= WORK TO COMPLETE =
Transcribe the records below exactly as they appear, omitting any pictures.

[Opening STUDY MATERIAL section]

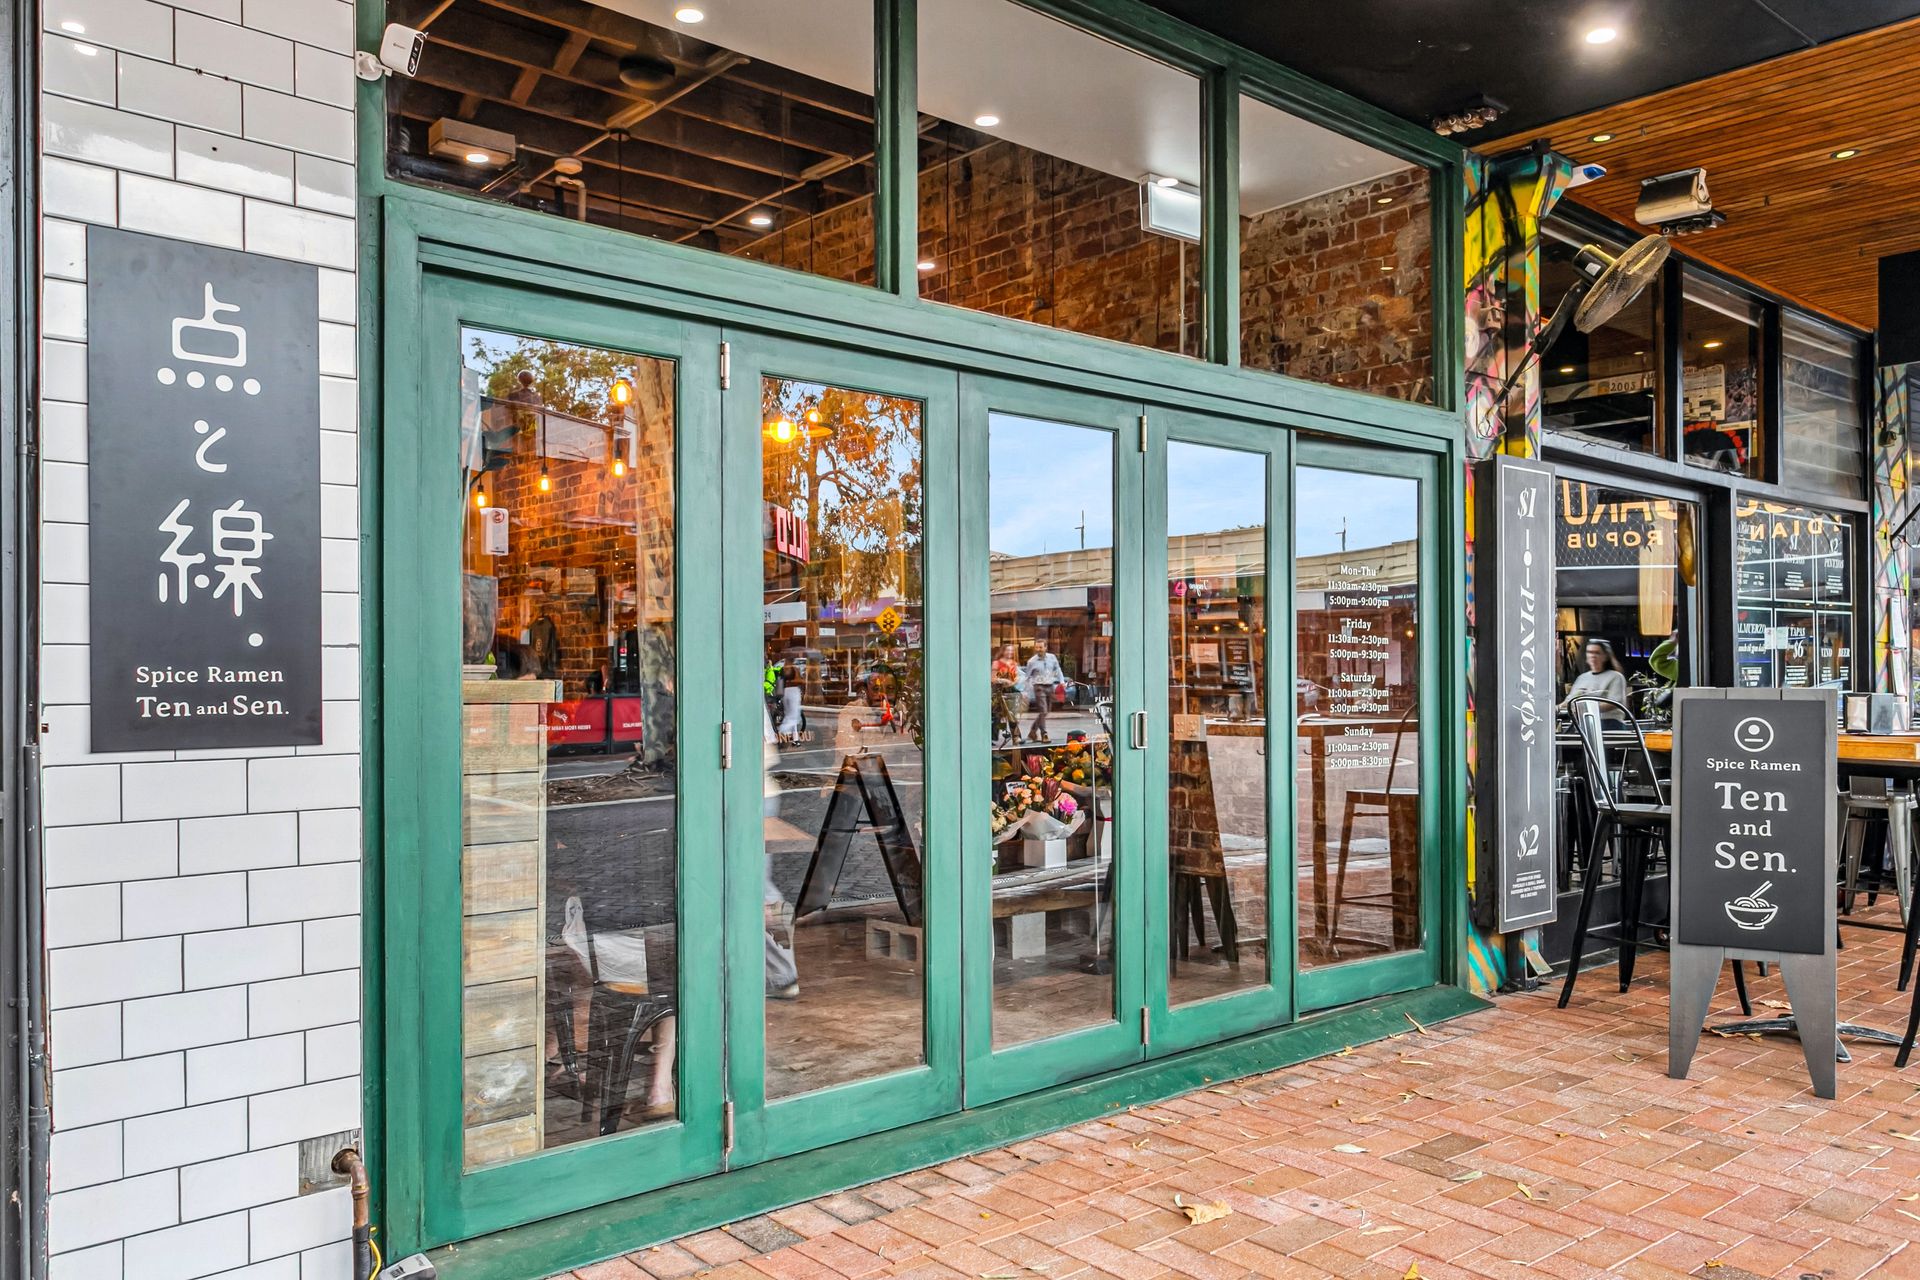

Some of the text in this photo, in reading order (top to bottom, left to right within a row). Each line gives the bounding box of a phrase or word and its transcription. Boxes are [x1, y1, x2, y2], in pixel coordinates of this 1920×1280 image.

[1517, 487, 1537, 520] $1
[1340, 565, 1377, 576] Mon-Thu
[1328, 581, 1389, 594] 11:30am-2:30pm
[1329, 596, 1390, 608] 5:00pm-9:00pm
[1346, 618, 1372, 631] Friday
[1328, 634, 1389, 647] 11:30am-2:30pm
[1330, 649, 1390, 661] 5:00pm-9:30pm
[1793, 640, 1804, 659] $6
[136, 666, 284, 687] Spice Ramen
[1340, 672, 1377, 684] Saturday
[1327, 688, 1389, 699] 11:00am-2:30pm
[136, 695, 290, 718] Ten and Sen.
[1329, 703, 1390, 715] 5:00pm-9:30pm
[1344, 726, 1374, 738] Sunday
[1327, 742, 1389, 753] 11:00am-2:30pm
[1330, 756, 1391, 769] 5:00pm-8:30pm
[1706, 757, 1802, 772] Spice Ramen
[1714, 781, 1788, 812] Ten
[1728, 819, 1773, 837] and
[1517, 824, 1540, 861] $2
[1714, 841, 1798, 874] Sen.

[Closing STUDY MATERIAL section]

= RESULT OF THE TASK =
Some of the text in this photo, in reading order (top to bottom, left to right within a row). Each line gives the bounding box of a phrase or word and its transcription. Boxes are [x1, y1, x2, y2], in pixel coordinates of this 1920×1280 image.

[1517, 487, 1537, 520] $1
[1340, 565, 1377, 576] Mon-Thu
[1328, 581, 1389, 594] 11:30am-2:30pm
[1329, 596, 1390, 608] 5:00pm-9:00pm
[1346, 618, 1372, 631] Friday
[1328, 634, 1389, 647] 11:30am-2:30pm
[1330, 649, 1390, 661] 5:00pm-9:30pm
[1793, 640, 1804, 659] $6
[136, 666, 284, 687] Spice Ramen
[1340, 672, 1377, 684] Saturday
[1327, 688, 1389, 699] 11:00am-2:30pm
[136, 695, 290, 718] Ten and Sen.
[1329, 703, 1390, 715] 5:00pm-9:30pm
[1344, 726, 1374, 738] Sunday
[1327, 742, 1389, 753] 11:00am-2:30pm
[1330, 756, 1391, 769] 5:00pm-8:30pm
[1706, 757, 1802, 772] Spice Ramen
[1714, 781, 1788, 812] Ten
[1728, 819, 1773, 837] and
[1517, 824, 1540, 861] $2
[1714, 841, 1798, 874] Sen.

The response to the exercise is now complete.